Evidence in relation to Kennedy

[20] Between 11.30 and
11.45pm (i.e. following the assault) Anne Marie Gill met Kennedy coming into Rabbie's Bar. According to Gill, Kennedy told her to sit down. He told her there had been a "carry on". He told her that she would hear about it later. He told her to say that she had been with him all night. While Kennedy was in Rabbie's Bar, Kelly Duncan, the deceased's girlfriend, told Kennedy that she was worried about the deceased. On her evidence, Kennedy said to her "You're wasting your time looking for him" or "You're wasting your time with him."


[21] According to Gill, at or about
midnight she and the co-accused Kennedy walked together from Rabbie's Bar to the Metro Hotel. Kennedy told her that "him and his mate had a carry on and they done Dod Simpson". As they passed Exchange Lane, Kennedy said it happened down the lane. He stated that somebody might find him and phone an ambulance and that he would be okay, he would not be found until the morning. Later, when they saw the ambulance and the police, she said to Kennedy, "He must be deid", to which Kennedy replied "Aye, pan breid".

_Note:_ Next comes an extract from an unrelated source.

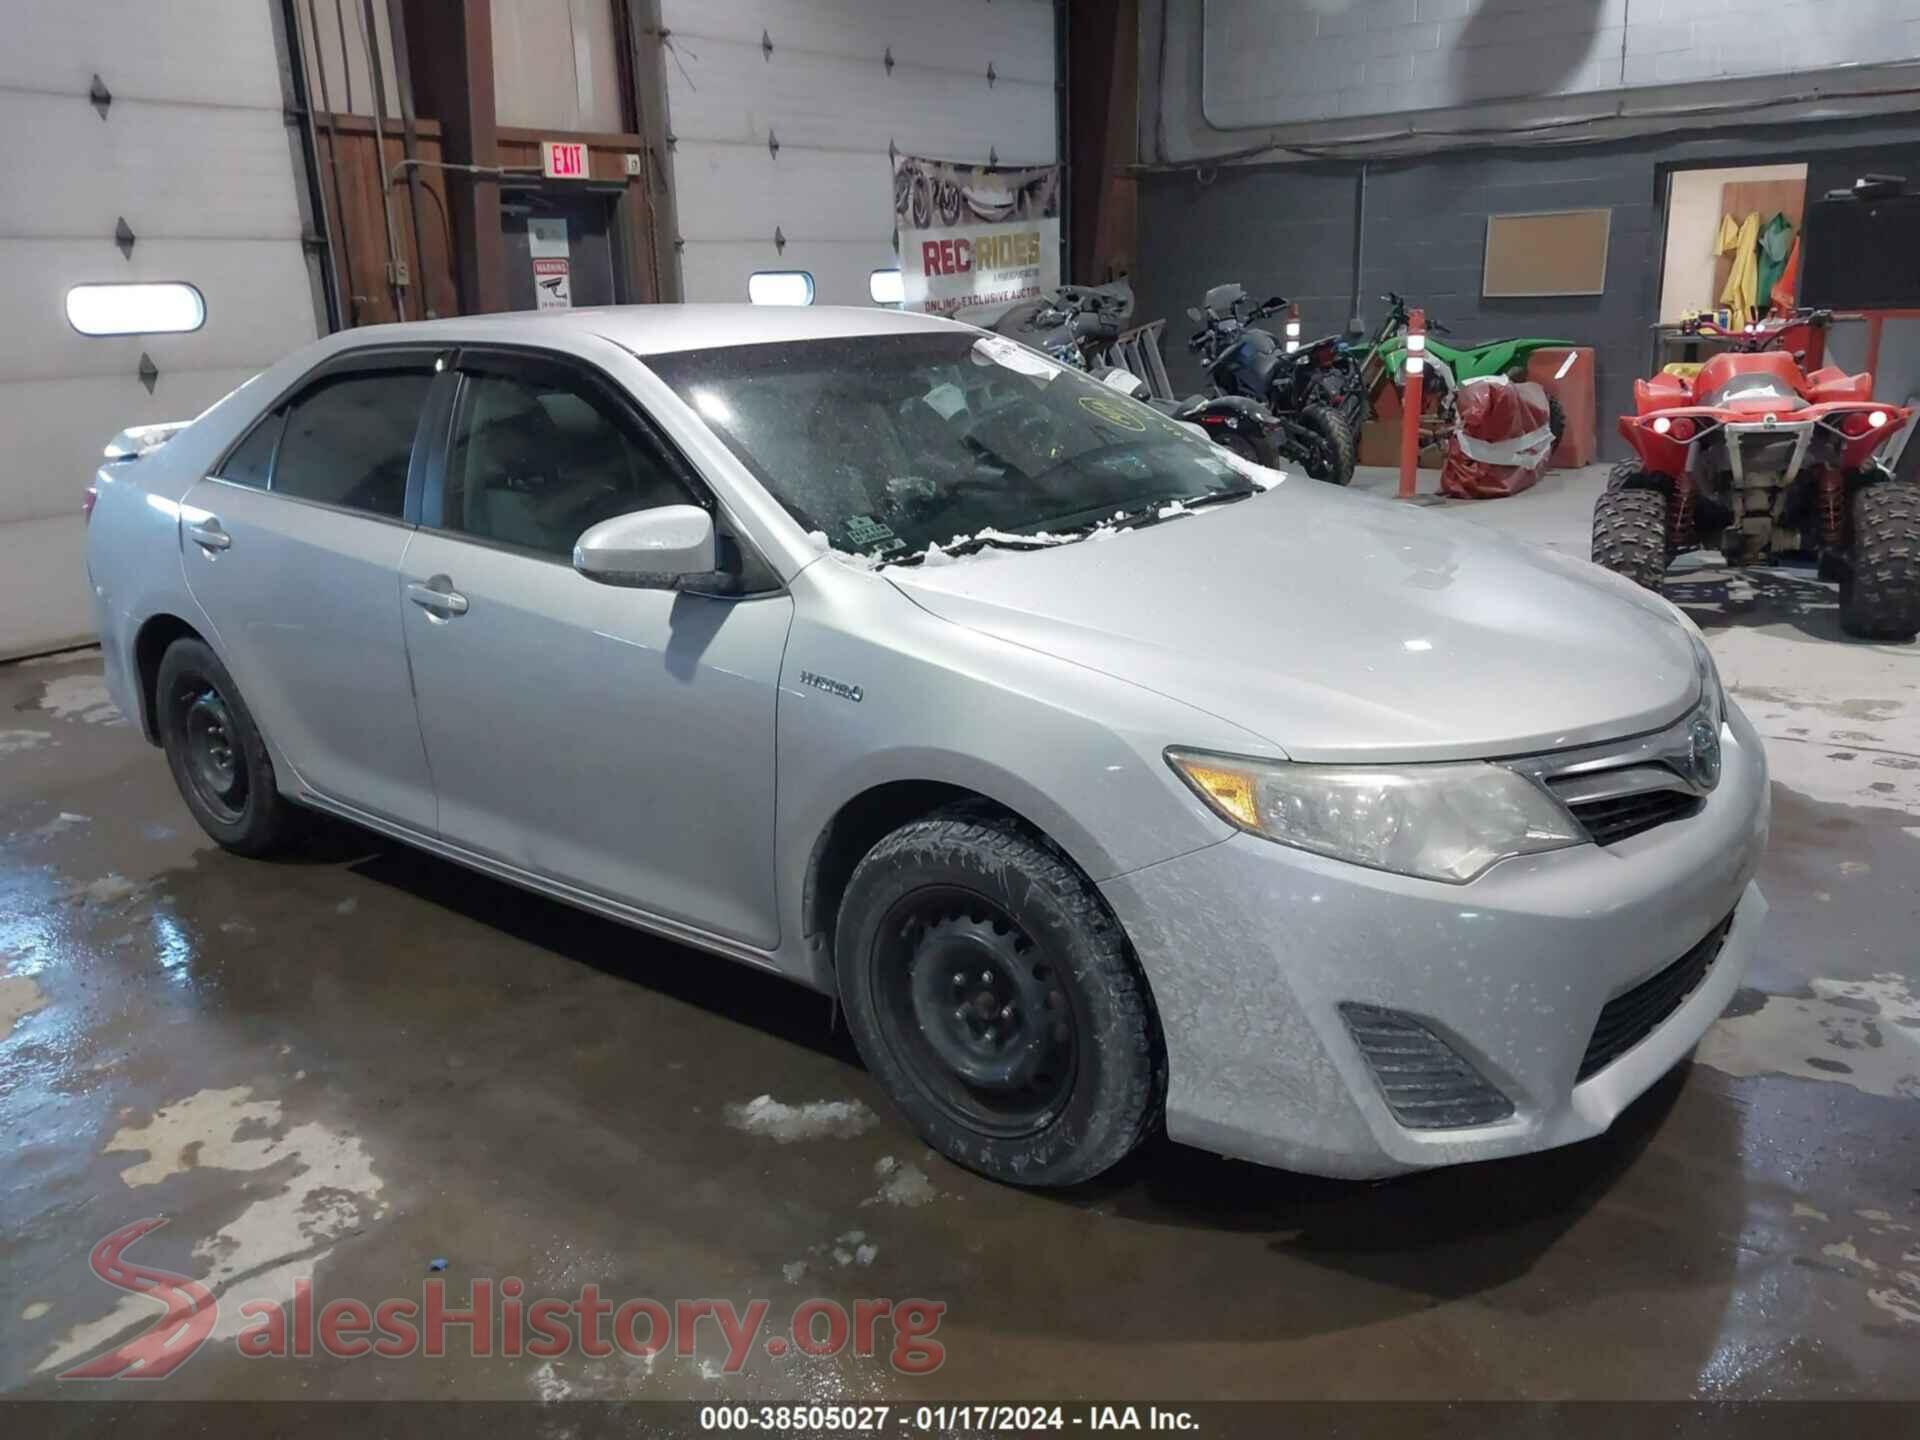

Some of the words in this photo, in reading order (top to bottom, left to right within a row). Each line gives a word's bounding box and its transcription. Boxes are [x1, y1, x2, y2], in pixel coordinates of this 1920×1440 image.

[552, 145, 582, 174] EXIT
[922, 239, 972, 277] REC
[976, 232, 1040, 271] RIDES

Brenda Lawrence's evidence

[22] According to Brenda Lawrence, at about
midnight she and the appellant left the St Andrews and went to the Metro Hotel. As they went into the Metro Hotel, the appellant, on her account, said to her, "What a doing Davie has just given Dod". Inside the Metro, Brenda Lawrence heard the co-accused Kennedy say to the appellant "Did you get that sorted?" The appellant told Brenda Lawrence that Kennedy had broken a knife in the lane and had asked him to go and look for it. Later, according to Lawrence, the appellant said something about the mess he (apparently a reference to Kennedy) made of the deceased's head because he had steel toe capped boots. According to Lawrence, "... he obviously said to me it was nothing to do with him it was Davie ...". The appellant told her that "he went and got Dod from Rabbie's Bar ... and then he went to the lane".

John Loftus' evidence

[23] According to John Loftus, at about 12.15, in the Metro Hotel, the appellant asked Loftus to say, if anybody asked him, that Loftus had met the appellant between 9 and 9.30 in the
St Andrews bar. The appellant told Loftus that he had "done in Dod Simpson". Loftus asked him what it was about. The appellant said "What do you think?" and put his closed fist against Loftus' stomach as if he was holding something, and pulled his hand upwards across Loftus's shirt. Loftus took this to be a stabbing motion.


[24] Later, in the toilet at the Metro Hotel, Loftus saw the appellant take off his training shoe and wash it with a grey hand towel. When he was wetting the hand towel it looked as though blood was coming off the shoe. When Loftus asked the appellant what he was doing, the appellant said "Just washing the blood off". The co-accused Kennedy came into the toilet and, according to Loftus, the appellant said "I've just been telling Jake to say, if anybody asked, that he met us between 9 and 9.30 in the
St Andrews bar." Kennedy told the appellant that he could not really expect Loftus to get involved. The appellant later said to Loftus, "If there's anyone you want done just let me know because I'll probably get a lifer for this one anyway".

Kelly Duncan's evidence

[25] Kelly Duncan, the deceased's girlfriend, approached the appellant at the Metro Hotel and asked where the deceased was. The appellant stated that he had asked the deceased for an "O" of speed and the deceased did not have it. The appellant was agitated and unwilling to speak to her.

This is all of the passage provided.